Let’s start with organic. At its core, organic is about purity. In ordered for food to be labeled organic, federal law requires that it be produced without using most conventional pesticides, fertilizers made with synthetic ingredients, or genetically modified organisms (GMOs). As a result, organic farmers use alternative methods of farming, such as crop rotation or companion planting (in other words, planting crops that help each other grow next to one another).
Local, on the other hand, is about proximity. According to a provision in the 2008 Farm Act, any food labeled “local” must be grown within 400 miles of where it is marketed. However, different states, retailers, and restaurants have their own definitions of the word. Some states define “local” as meaning grown within the state. Farm-to-table restaurants often have a more narrow definition, restricting use of the word to foods grown within a 100-mile radius.

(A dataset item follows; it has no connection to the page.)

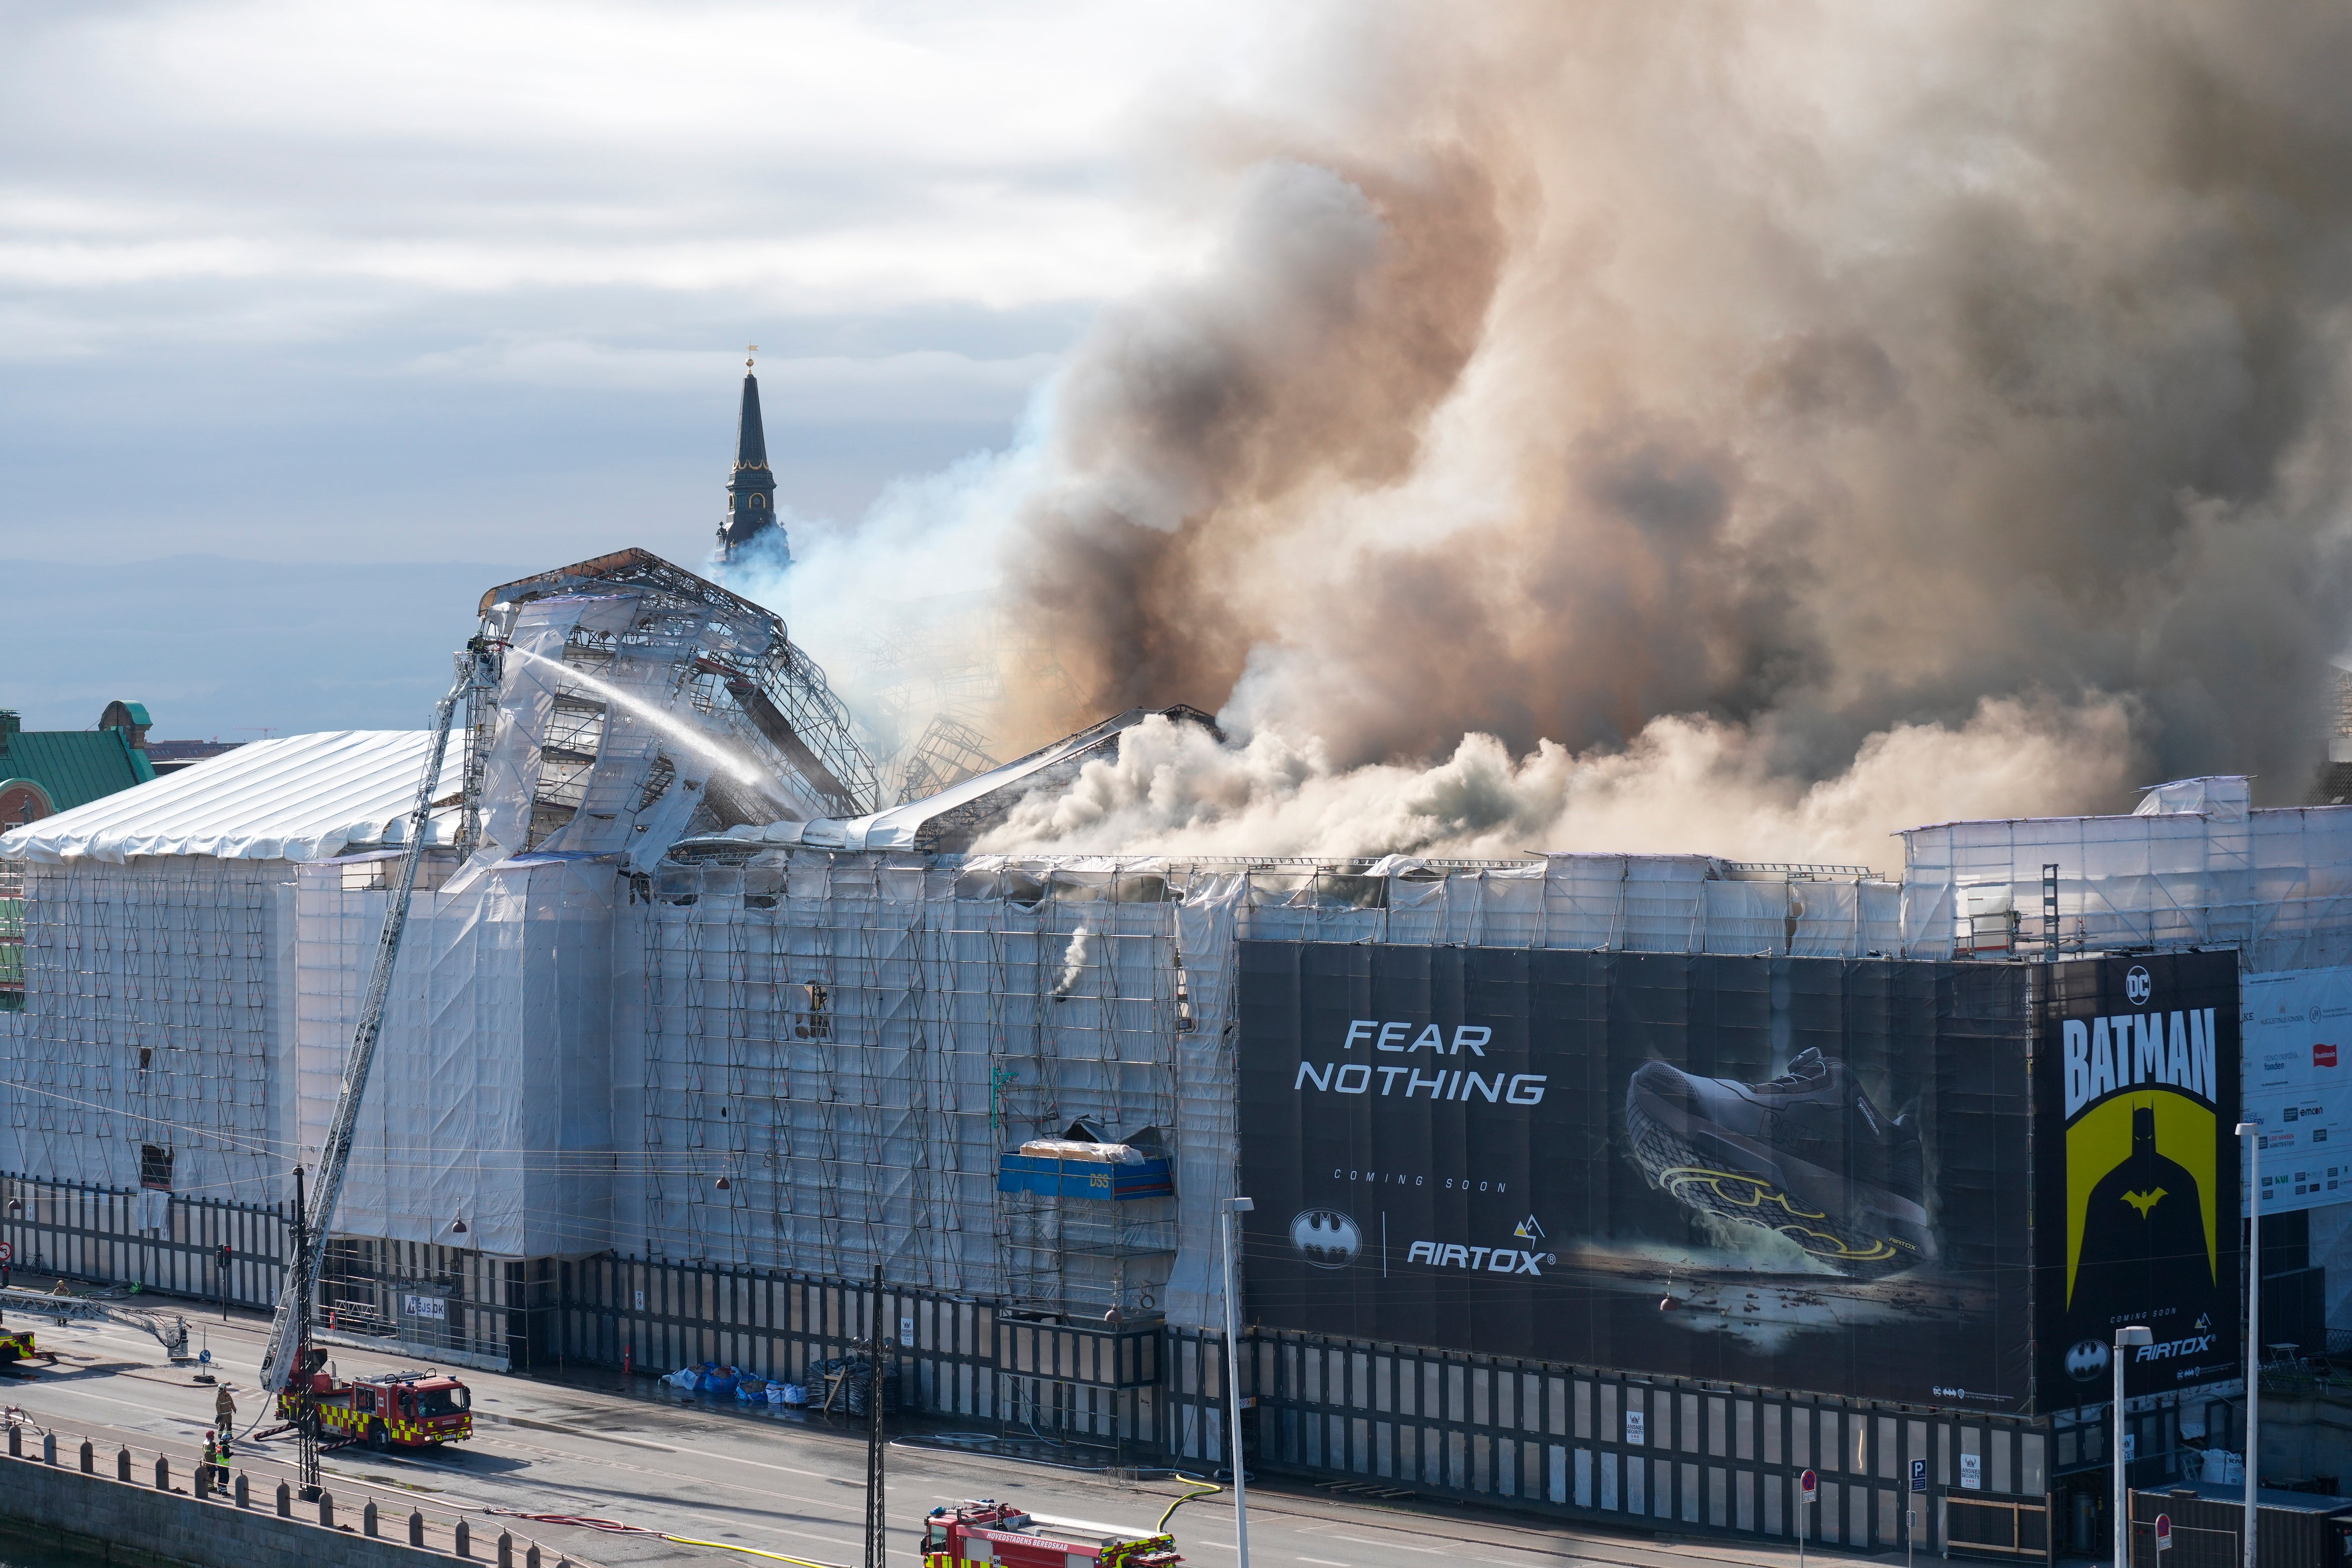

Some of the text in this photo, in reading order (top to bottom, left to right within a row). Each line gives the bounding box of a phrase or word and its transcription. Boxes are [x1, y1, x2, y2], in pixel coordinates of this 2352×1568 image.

I think the reason there is so much confusion about the two terms is that there’s often an overlap: Food that is locally grown is frequently organic and vice versa. However, that’s not always the case. For example, at my favorite natural foods store, the organic apples frequently come from New Zealand. And at my hometown farmer’s market, the local raspberries aren’t organic, because the certification process is very costly for small farmers. As a result, many family farms may use organic farming practices but can’t legally call their fruits and vegetables “organic.”
As to the question of whether organically and locally grown produce is more nutritious than conventionally farmed fruits and vegetables, results from scientific studies have been mixed. I personally believe that they are, but the jury is still out. However, it is well-documented that the nutritional value of a fresh piece of produce starts to decline as soon as it is picked. That means that locally grown fruits and vegetables, which have a much shorter transit time from field to table, are generally more nutrient-dense.
That brings me to the Juice Plus+ farm to capsule initiative. Juice Plus+ starts with farm fresh produce that, whenever possible, is carefully grown by midsize family farmers for the best quality nutrition. To avoid shipping the fruits and vegetables long distances, which would compromise their nutritional value, The Juice Plus+ Company locates juicing and drying facilities as close to its farmers as possible. And when that’s not possible, they use a process called Individual Quick Freezing (IQF) to lock in the nutrients of each fruit and vegetable before they have time to degrade. This also allows for a consistent supply of Juice Plus regardless of the growing season.
Many of the fruits and vegetables featured in Juice Plus+, while not certified organic, are grown using natural methods to control weeds and insects. But importantly, you don’t need to be certified organic to have assurance of purity. Juice Plus +is one of the few nutritional products available that has been certified for purity by NSF, an independent organization that sets an extremely high bar for dietary supplement safety and quality.
Increasingly, shoppers say they value local over organic food.